NPR sports-and-culture correspondent Mike Pesca appeared on MSNBC's "Up With Steve Kornacki" on Sunday to discuss the Winter Olympics in Russia and how Obama is sending gay Olympians and gay tennis legend Billie Jean King instead of going himself. Kornacki asked Pesca "What is your sense of what the atmosphere is going to be like for gay athletes? And just in general, the atmosphere is going to be like at these games?"
Pesca began by mocking America: "Yeah, well, they`re going to have protest zones which seems un-American -- except, you know, America has used them for political conventions and stuff." Then he turned to quoting how Obama's decision is a "brilliant snub" of "soft power" that leaves Vladimir Putin sputtering at Obama's cleverness.
PESCA: NPR did an interview with Masha Gessen, who is a writer who wrote a biography of Putin. She`s gay. She is leaving Russia - I think she left Russia two days ago because she's essentially been targeted. She wrote the best biography I read of Putin and she called it a brilliant snub. And so, I think, using soft power like this is actually the best way to get at Putin.

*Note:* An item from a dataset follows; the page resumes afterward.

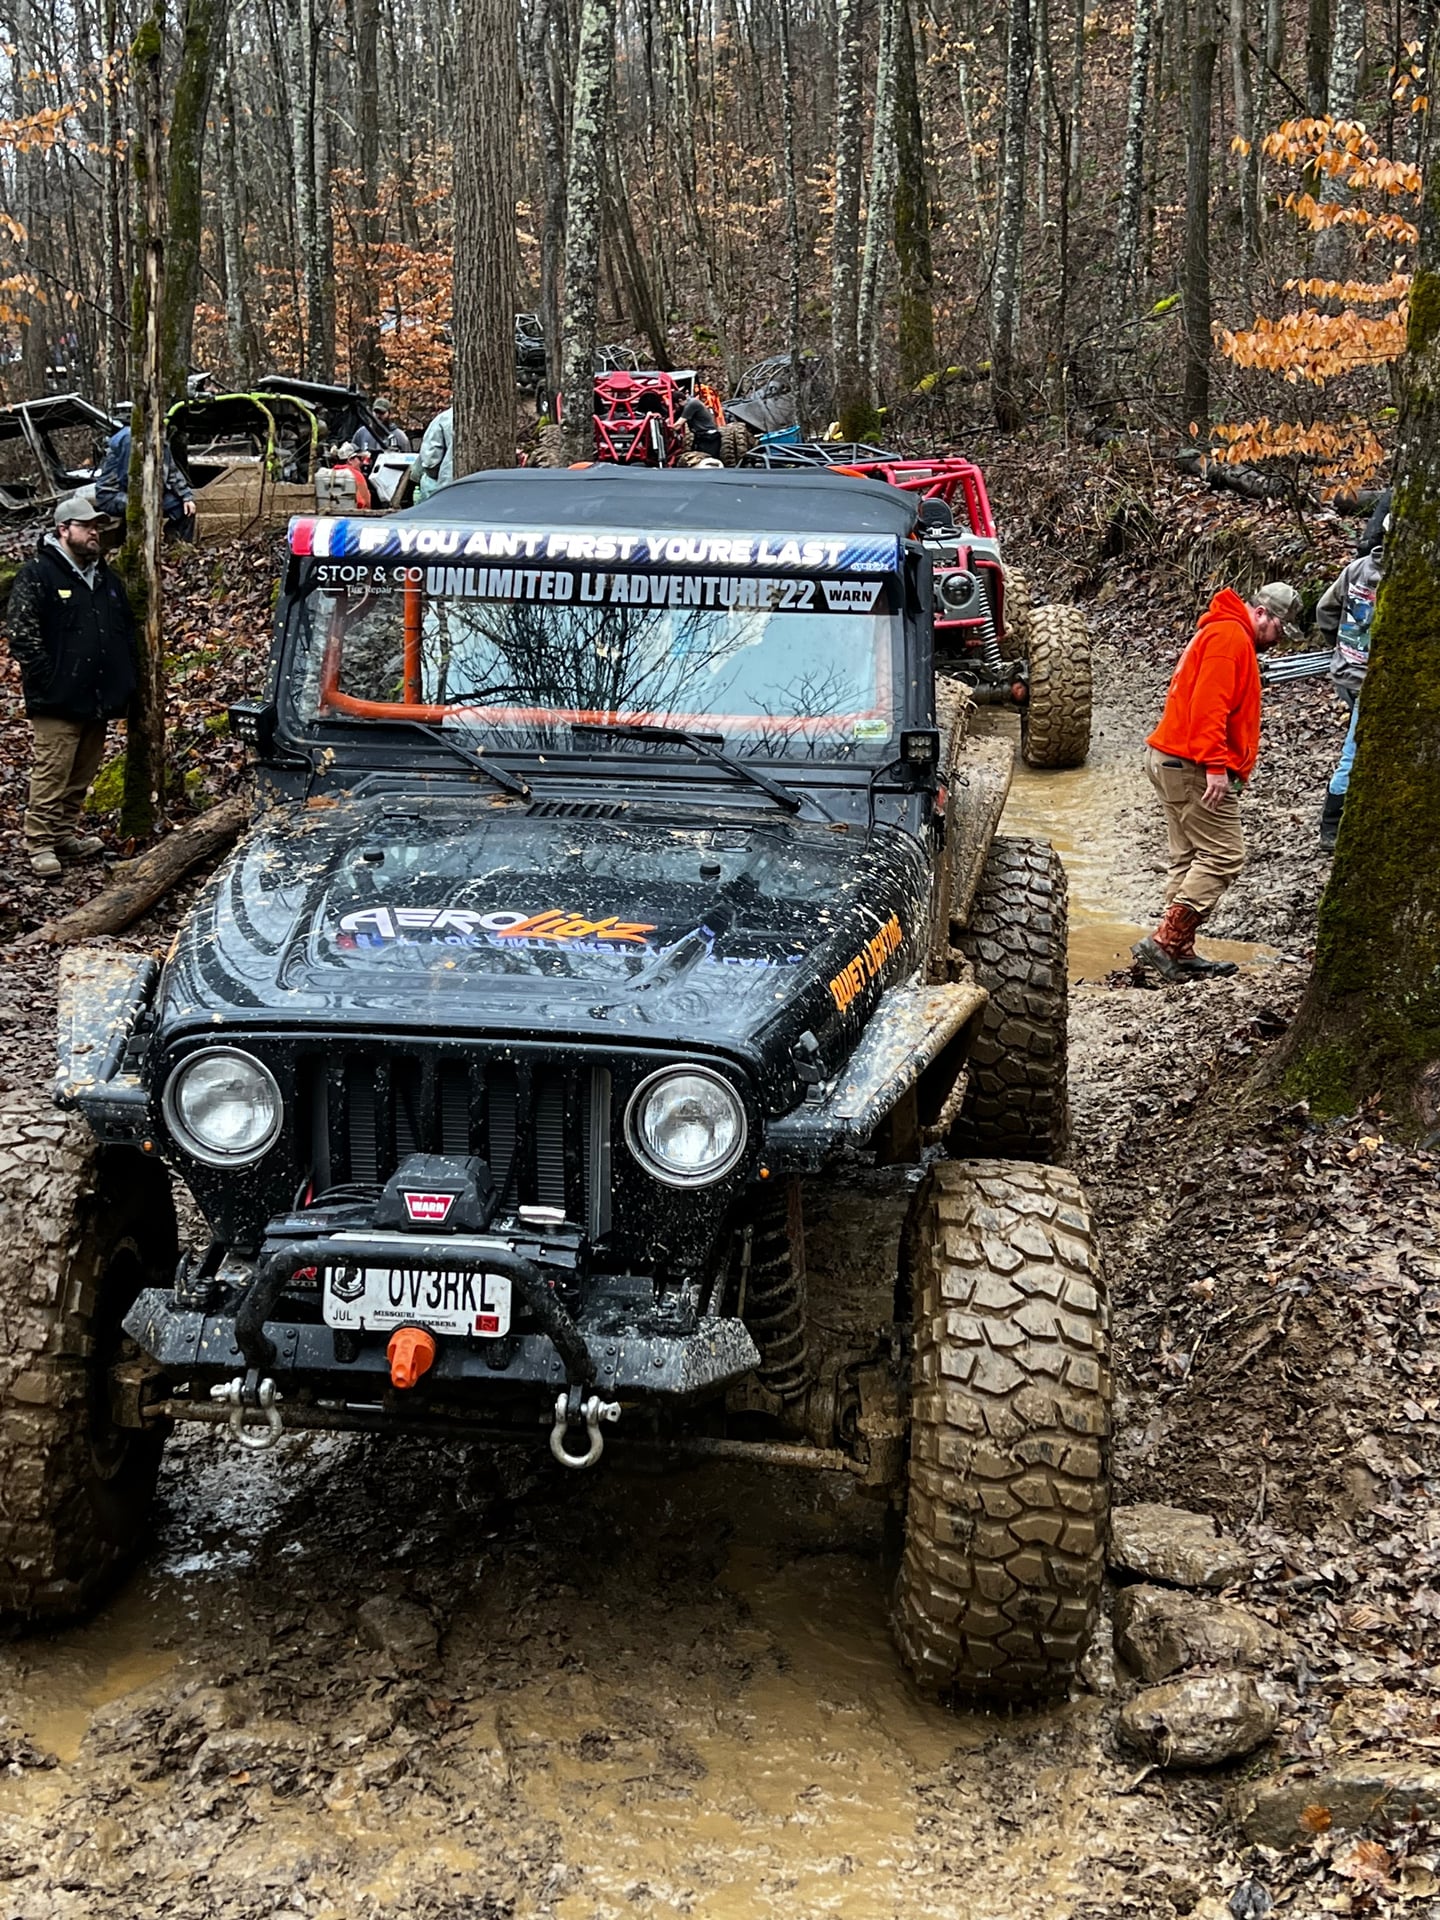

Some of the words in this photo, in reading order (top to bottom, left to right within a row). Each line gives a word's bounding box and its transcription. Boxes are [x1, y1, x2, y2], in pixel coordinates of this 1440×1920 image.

I think Putin, from what I understand about him, is a man who understands force, who understands crushing the opposition, but if you can use a little jujitsu, if you could be a little bit clever and use his moves against him, you're probably making a statement that he doesn't know how to deal with. So that`s why maybe what these moves does gains the upper hand for the United States or people who are agreeing with us, that these are rules in Russia are unconscionable. [Emphasis mine.]

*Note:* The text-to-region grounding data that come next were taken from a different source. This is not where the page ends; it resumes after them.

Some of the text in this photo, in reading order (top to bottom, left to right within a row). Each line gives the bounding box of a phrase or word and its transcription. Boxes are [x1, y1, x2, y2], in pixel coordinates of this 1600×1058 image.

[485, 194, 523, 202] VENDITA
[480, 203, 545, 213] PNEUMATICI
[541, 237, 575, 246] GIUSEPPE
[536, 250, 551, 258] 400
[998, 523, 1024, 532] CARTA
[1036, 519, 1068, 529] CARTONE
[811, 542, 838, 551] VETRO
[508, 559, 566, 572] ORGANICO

Pesca restated Gessen's praise for Obama in an appearance on CNN on Christmas morning: "Russia has a rule against protesting, well what they consider protesting, speaking out in favor of gay rights. It's just casting a pall over the entire Olympics. A gay rights activist called President Obama's appointment of a delegation that including Billy Jean King and Brian Boitano. These gay rights activists called it a brilliant snub. So I think we'll have a chance to see diplomacy trump hard power in the Olympics."
These were liberal bias zones where no one would get in the way of Pesca's leg thrills and ask if Russia is so much more oppressive than they were during the Olympics boycott of the Soviet Union in 1980. Was the law against pro-gay lobbying more of a moral outrage than the invasion of Afghanistan or the domestic oppression under the communists? For liberals, it seems the obvious answer is yes.
Gessen's original outburst of praise for Obama on NPR came on the December 20 Morning Edition:
GESSEN: In fact, I would link all of those steps to the brilliant snub that President Obama performed a couple of days ago. Basically this entire fall there has been this push for a political boycott of the Olympics. A political boycott is when athletes go but state leaders do not. This month a number of Western European leaders began carefully saying that they will probably not go to the Olympics.
And it began with the president of Germany, then the president of Estonia, then France. And then finally, President Obama on December 17th announced his delegation to the Olympics, which for the first time in almost two decades does not include any head politician. It also quite pointedly includes several openly gay athletes. I think that Putin panicked. I think for the first time he had this vision of being alone during the opening and closing ceremonies.